We compared several models, including the DEC model (dispersal‐extinction‐cladogenesis; Ree et al., 2005; Ree and Smith, 2008) and a DIVALIKE model that uses maximum likelihood (this is where the LIKE suffix comes in) to model the processes included in the parsimony‐based DIVA model (dispersal‐vicariance analysis; Ronquist, 1997), and a BAYAREALIKE model that also uses maximum likelihood to estimate parameters under the assumptions of the BAYAREA model (Bayesian inference of historical biogeography for discrete areas; Landis et al., 2013). These three base models differ primarily in the types of sympatric and vicariant cladogenetic events allowed (see Van Dam and Matzke, 2016).
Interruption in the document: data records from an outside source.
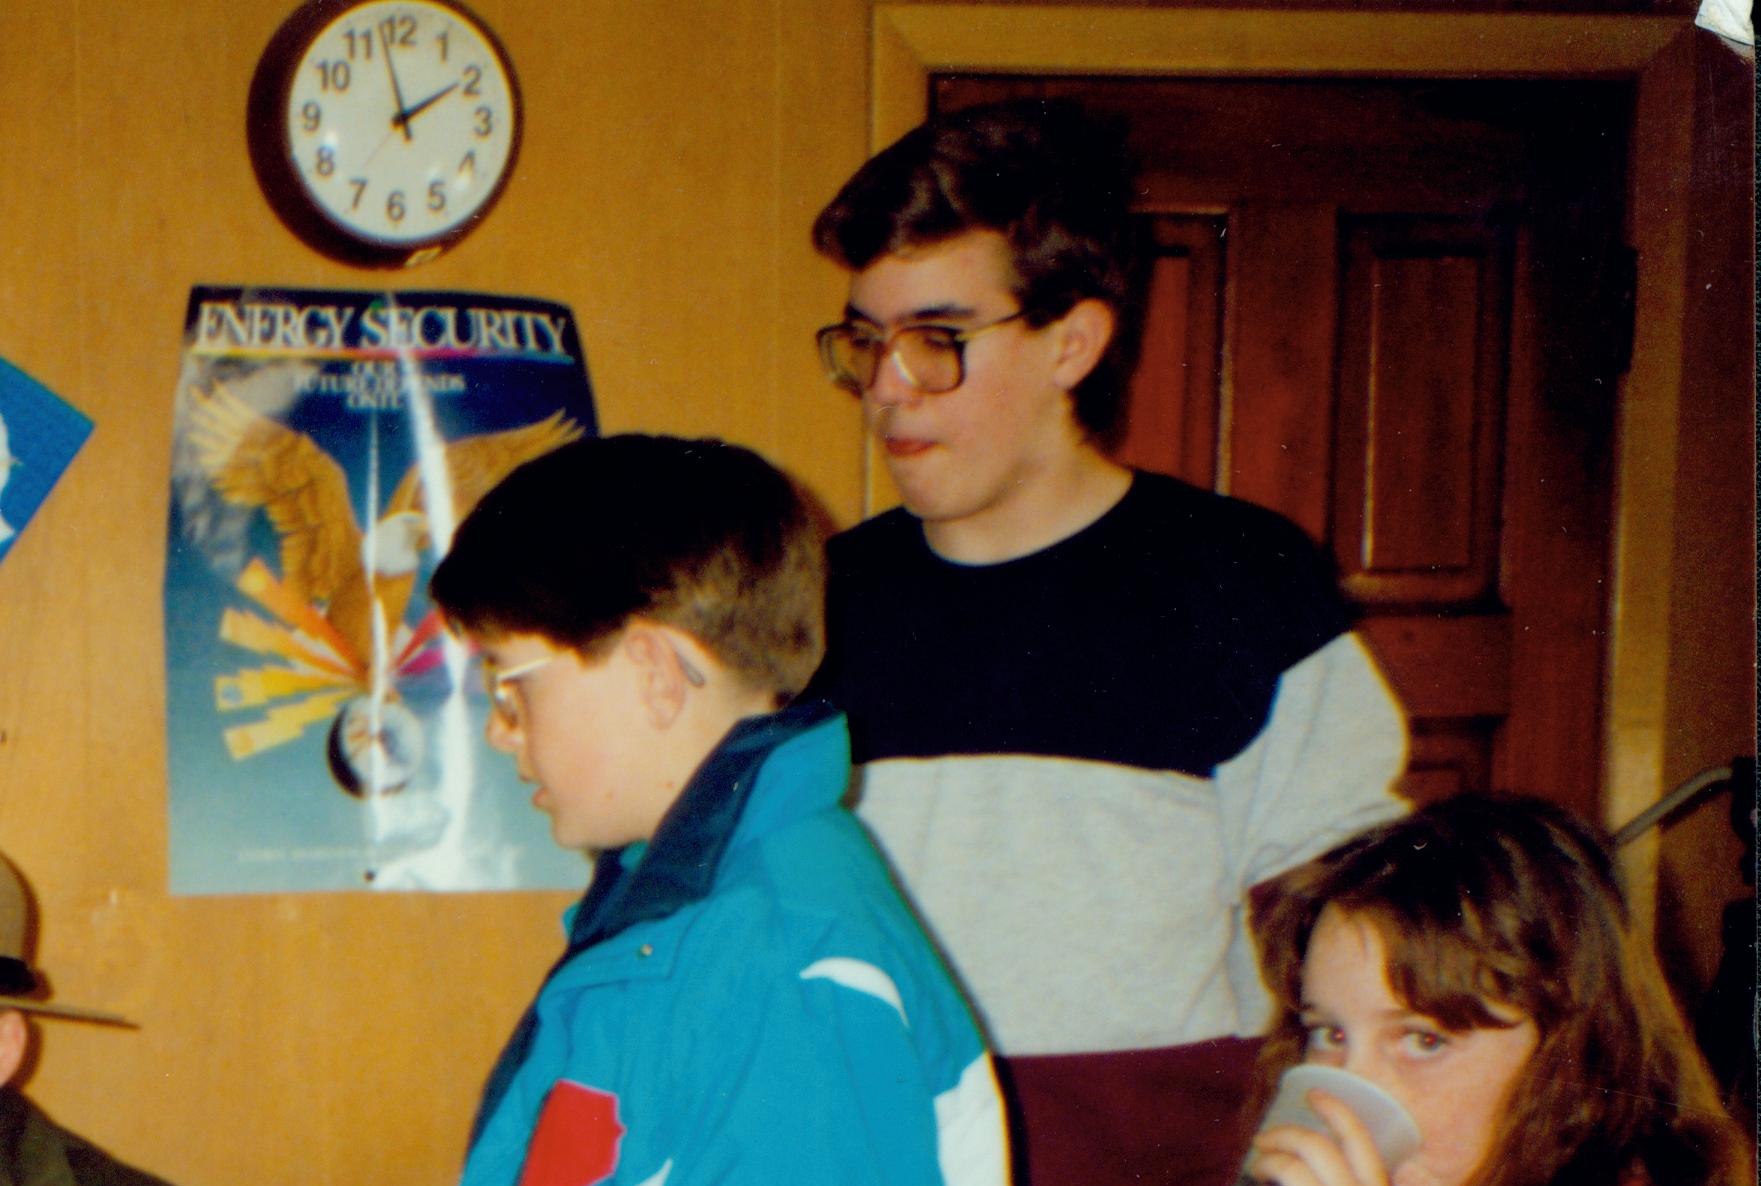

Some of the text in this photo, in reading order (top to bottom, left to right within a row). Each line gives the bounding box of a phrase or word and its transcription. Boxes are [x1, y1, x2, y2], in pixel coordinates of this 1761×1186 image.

[343, 29, 372, 59] 11
[384, 15, 418, 46] 12
[436, 32, 449, 61] 1
[316, 60, 350, 92] 10
[462, 65, 482, 95] 2
[301, 102, 321, 132] 9
[474, 106, 493, 138] 3
[315, 145, 335, 176] 8
[349, 178, 368, 209] 7
[386, 191, 406, 221] 6
[427, 181, 447, 211] 5
[197, 302, 566, 354] ENERGY SECURITY
To estimate the effect of geographic distance on dispersal, we ran models that added a distance parameter x to each of the base models (Van Dam and Matzke, 2016). The value x modifies the geographic distance matrix, acting as a multiplier for each dispersal parameter, effectively estimating dispersal probability as a function of distance. Under the base models, x is fixed at 0 and distance 0 = 1 and therefore does not affect the estimate of the dispersal parameters. We constrained the value of x to be <0.0001, under the assumption that longer geographic distances should not increase the probability of dispersal. We also included models that estimate founder speciation events with the jump parameter j (Matzke, 2013a, b, 2014) and combined models with a joint estimation of both x and j.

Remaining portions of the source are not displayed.